Istruzione e sanità solo per chi può permettersele
Da lì le proteste, organizzate dagli studenti, dai docenti, dai sindacati e sostenute anche dai partiti di opposizione, che hanno marciato e gridato tenendo alti i loro libri e i loro diplomi. Per chiedere come minimo un taglio meno drastico dei fondi, per pretendere rispetto per il sistema educativo argentino, perché non tutto può essere messo sullo stesso piano, equiparando un investimento sulla cultura di un intero Paese a uno spreco di spesa. «Stiamo difendendo l’università pubblica, aperta e libera, che è una delle grandi conquiste del nostro popolo e a cui non rinunceremo», ha detto il premio Nobel per la pace Adolfo Porez Esquivel durante la manifestazione davanti alla Casa Rosada, la sede del governo. «Stiamo difendendo il nostro diritto a vivere con dignità». Proteste che hanno attraversato trasversalmente la società argentina. Come sostiene José Natanson, politologo e direttore dell’edizione di Le Monde Diplomatique Southern Cone, interpellato dalla Cnn: «Le precedenti erano dimostrazioni progressiste o peroniste, o entrambe. D’altra parte, questa era una manifestazione in cui c'erano peronisti, c'erano persone di sinistra, ma c’erano anche radicali, c’erano liberali, c’erano molti elettori di Milei. Penso che questa protesta sia la prima pietra miliare che danneggia il governo, il primo graffio che ricevono, il primo proiettile che entra». Eppure nulla di quanto sta accadendo oggi è una “sorpresa”: a Javier Milei, presidente libertario di estrema destra, epigono di Trump e Bolsonaro, che ha vinto le ultime elezioni proprio cavalcando il malcontento sociale di una popolazione piegata da decenni di sacrifici senza alcun risultato, tutto si può rimproverare, tranne la capacità di essere coerente.

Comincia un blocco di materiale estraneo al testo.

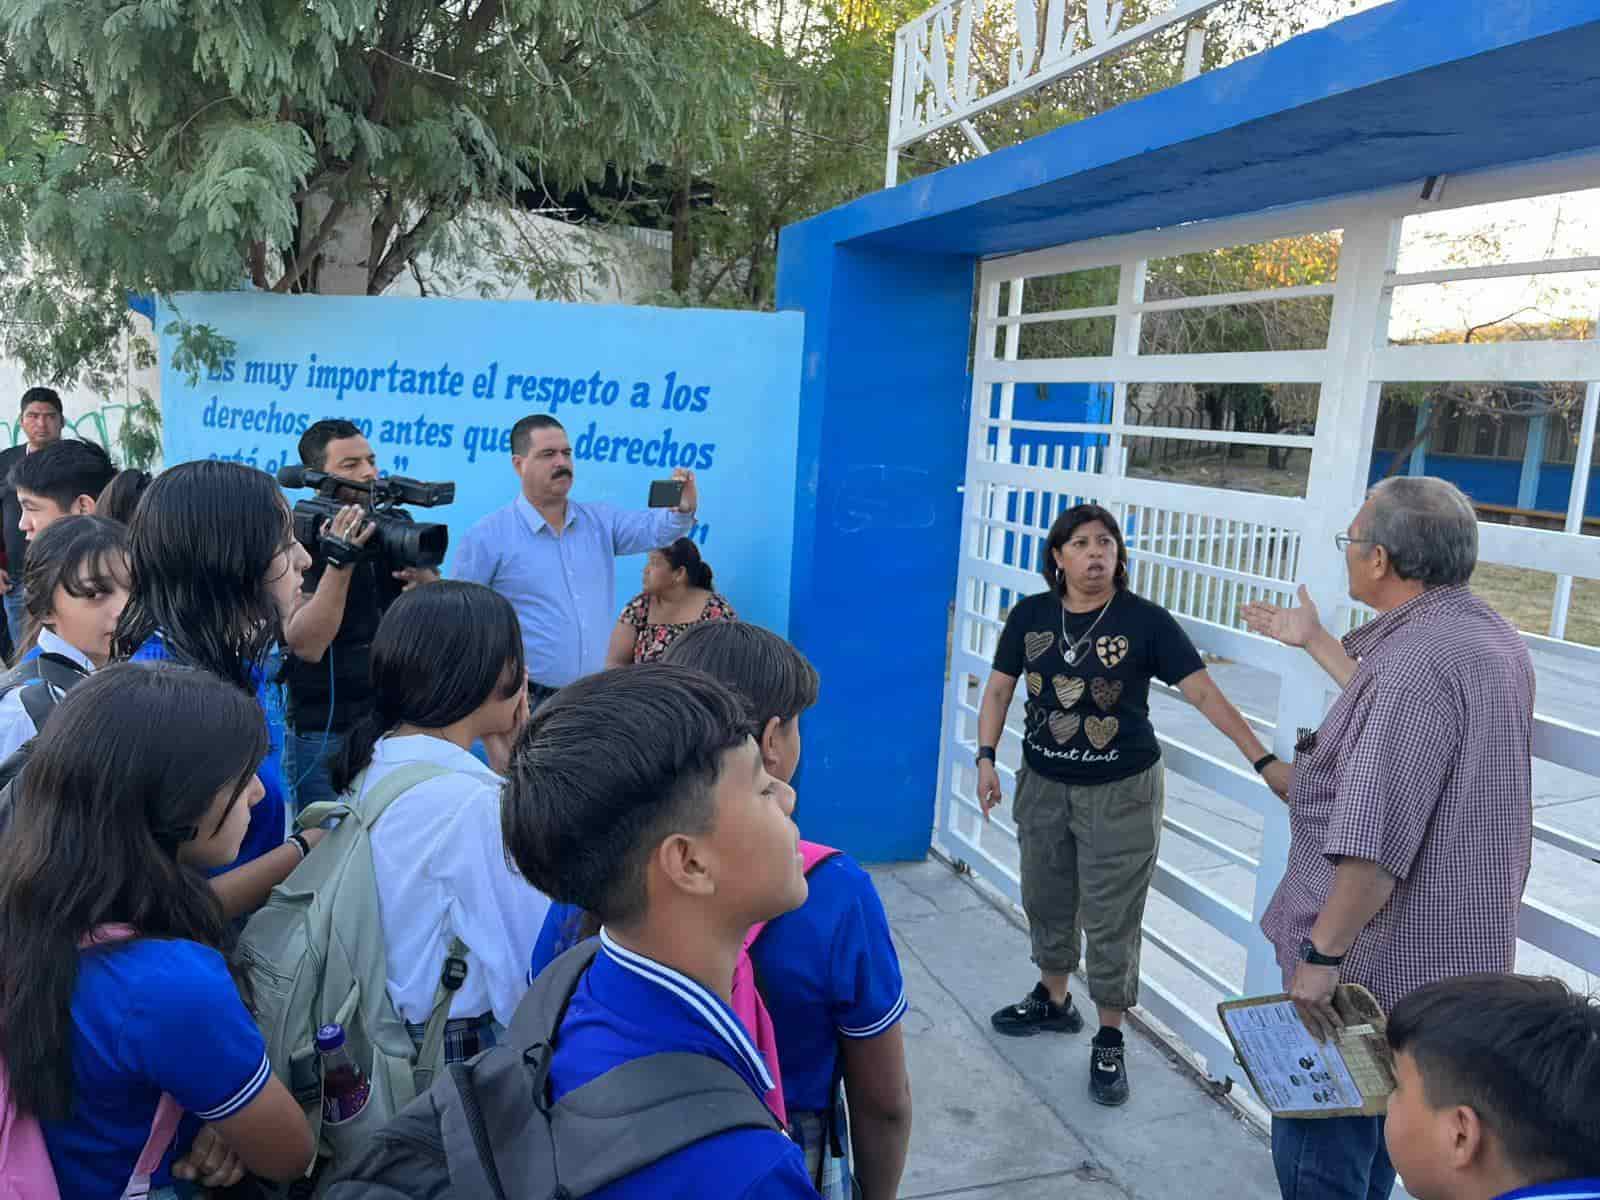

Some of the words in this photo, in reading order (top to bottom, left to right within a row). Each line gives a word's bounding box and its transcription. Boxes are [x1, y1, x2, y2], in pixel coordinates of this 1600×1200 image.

[243, 358, 298, 391] muy
[305, 353, 464, 400] importante
[472, 361, 498, 399] el
[504, 370, 620, 414] respeto
[630, 381, 650, 409] a
[661, 371, 711, 412] los
[379, 413, 453, 449] antes
[463, 423, 512, 463] que
[575, 422, 716, 470] derechos
[1081, 749, 1121, 762] heart

Lui l’aveva detto chiaramente cosa pensava del sistema d’istruzione pubblica: ritiene che le Università, e in particolar modo quella di Buenos Aires, siano “bastioni del Socialismo”, dove gli studenti che lo sostengono sono “discriminati”. Ha sostenuto anche che «…la dissonanza cognitiva generata dal lavaggio del cervello nell’istruzione pubblica è enorme». L’obiettivo finale di La Libertad Avanza, il partito di Milei, è «andare verso un sistema in cui l’Università sia tassata, proprio come la sanità». Quindi non un diritto, ma un privilegio, un “bene di consumo”, un lusso riservato soltanto a chi se lo può permettere. E gli esclusi, oggi, sarebbero moltissimi. Probabilmente anche tra coloro che l’anno scorso l’hanno votato, per rabbia, per disperazione.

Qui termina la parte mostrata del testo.